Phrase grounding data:
========

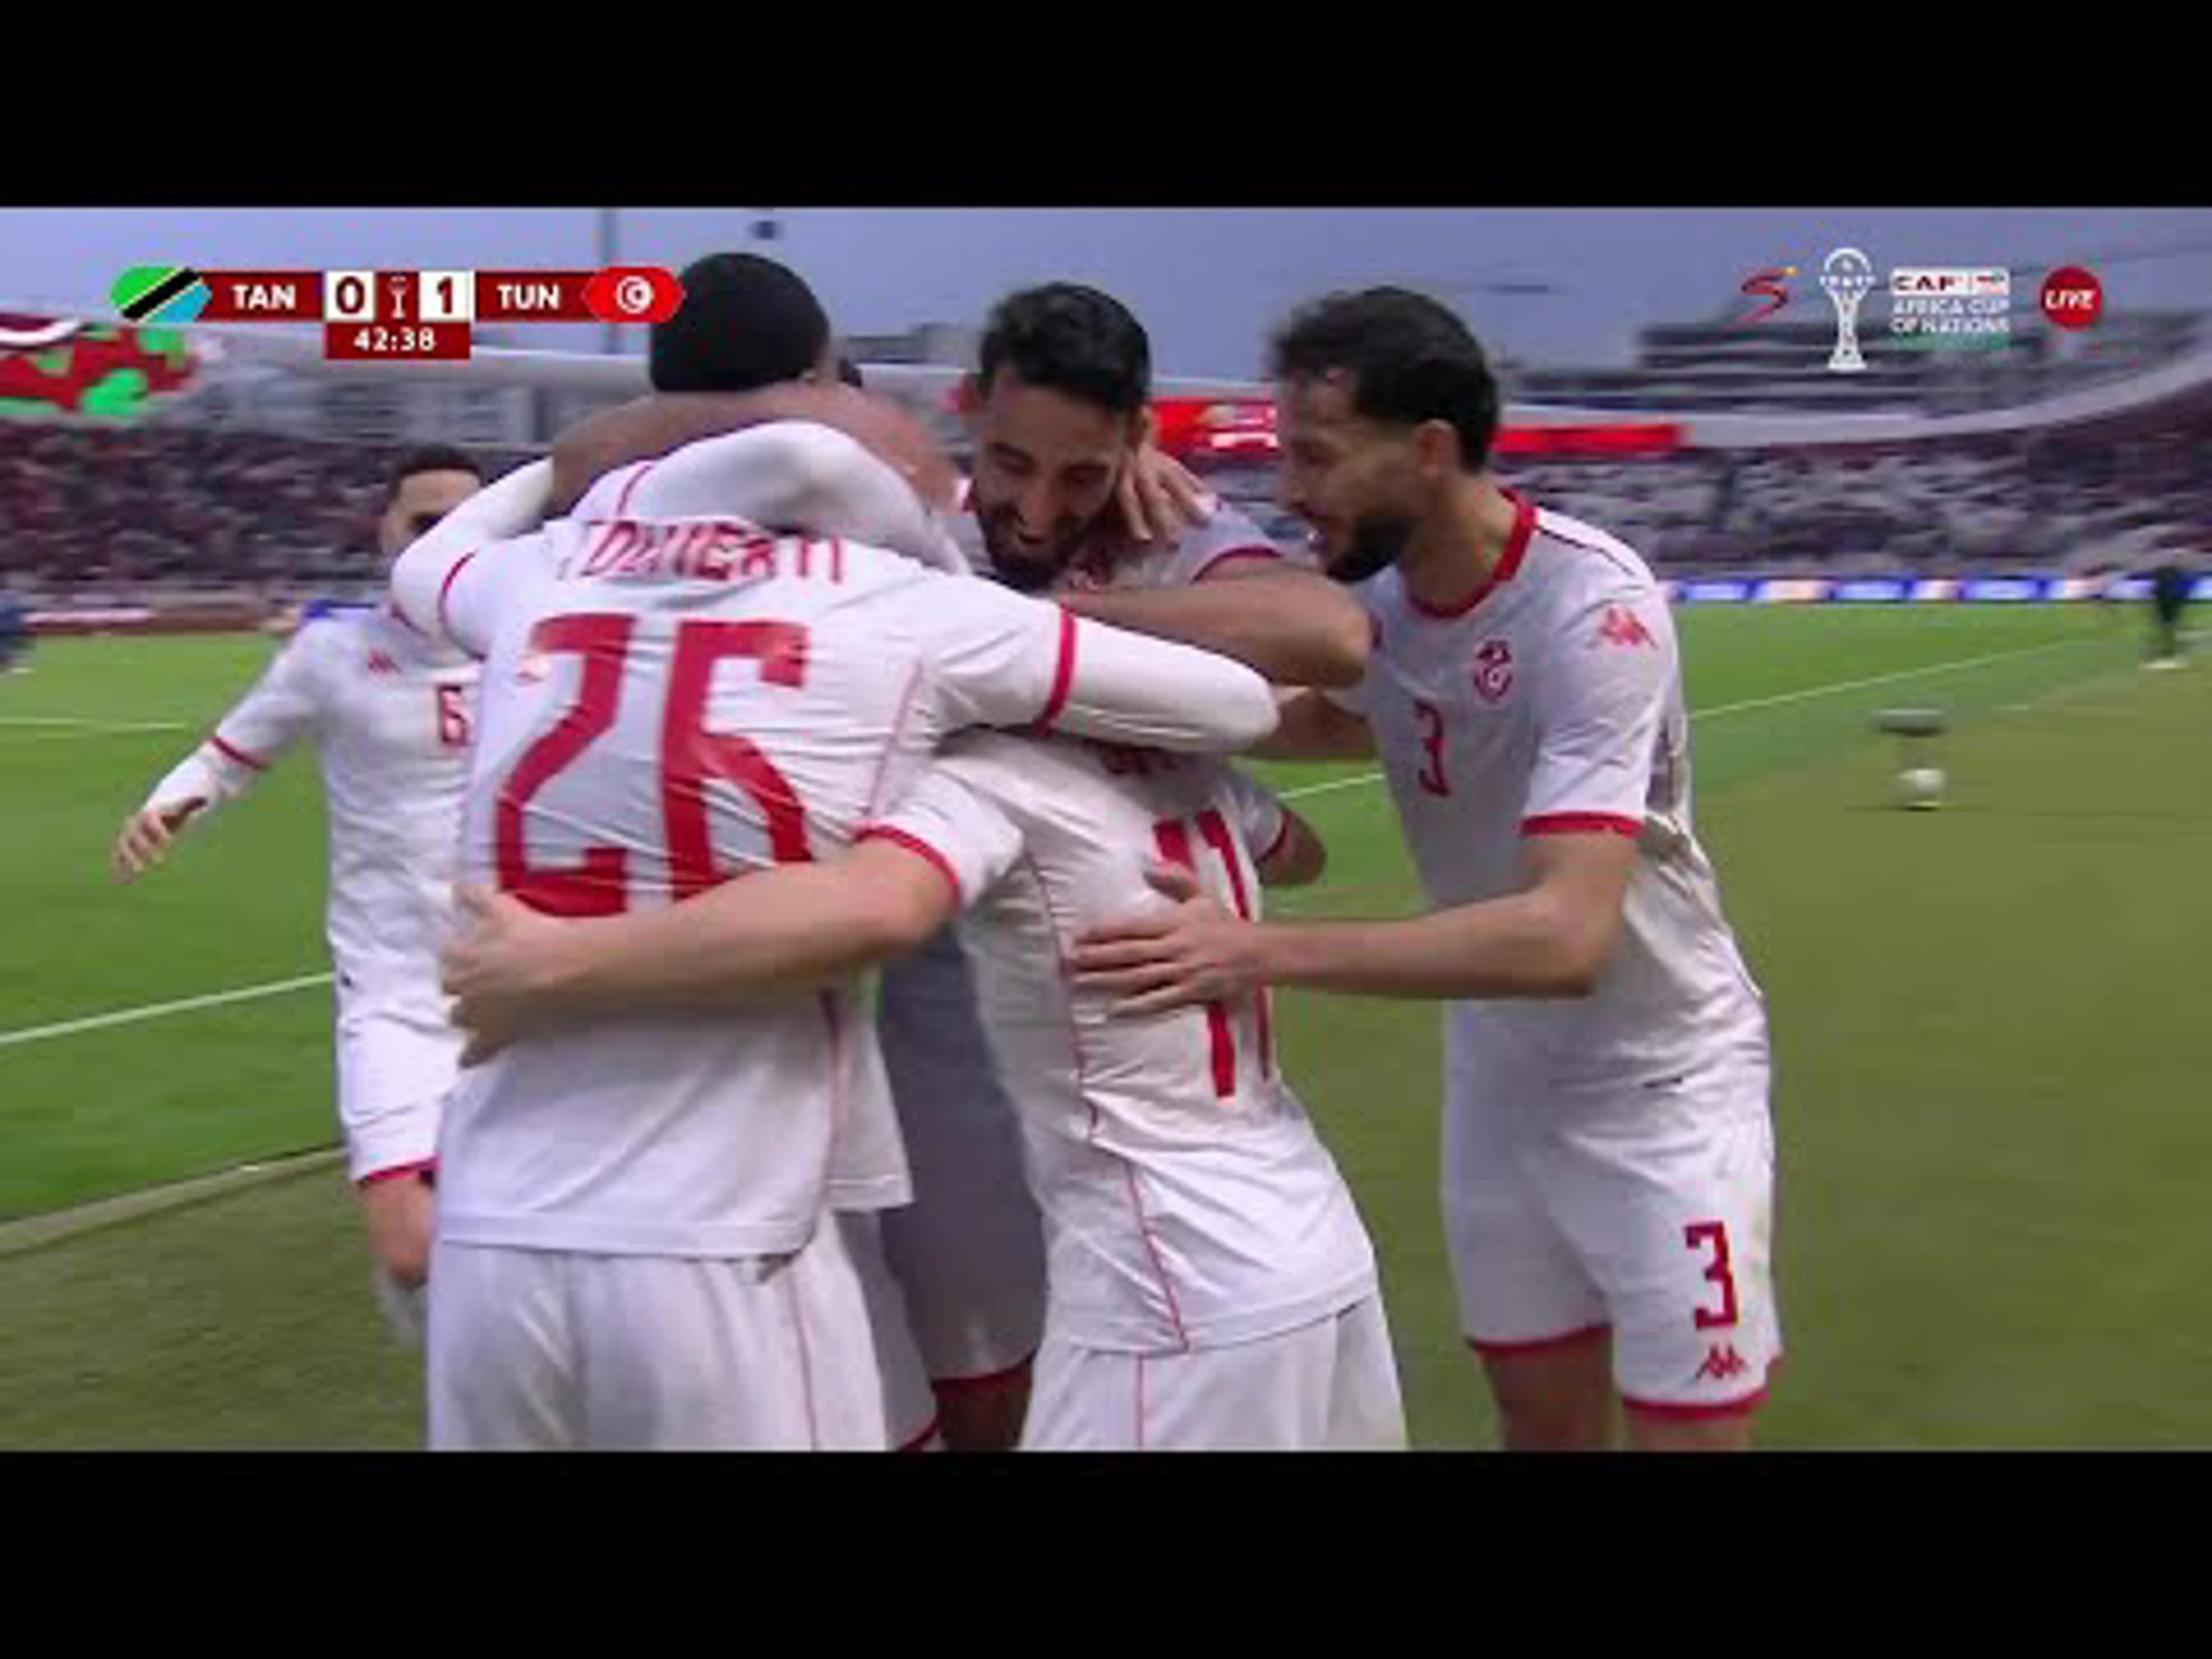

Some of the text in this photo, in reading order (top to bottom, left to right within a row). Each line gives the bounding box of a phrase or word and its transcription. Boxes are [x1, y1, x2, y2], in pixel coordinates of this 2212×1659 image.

[438, 683, 468, 747] 6
[497, 613, 814, 917] 26
[1414, 699, 1451, 797] 3
[1684, 1221, 1738, 1331] 3

========

When you reproduce the data shown above, keep each line exact and omit every picture.

▶ Answer to the problem
Some of the text in this photo, in reading order (top to bottom, left to right within a row). Each line gives the bounding box of a phrase or word and its transcription. Boxes are [x1, y1, x2, y2], in pixel coordinates of this 2212×1659 image.

[438, 683, 468, 747] 6
[497, 613, 814, 917] 26
[1414, 699, 1451, 797] 3
[1684, 1221, 1738, 1331] 3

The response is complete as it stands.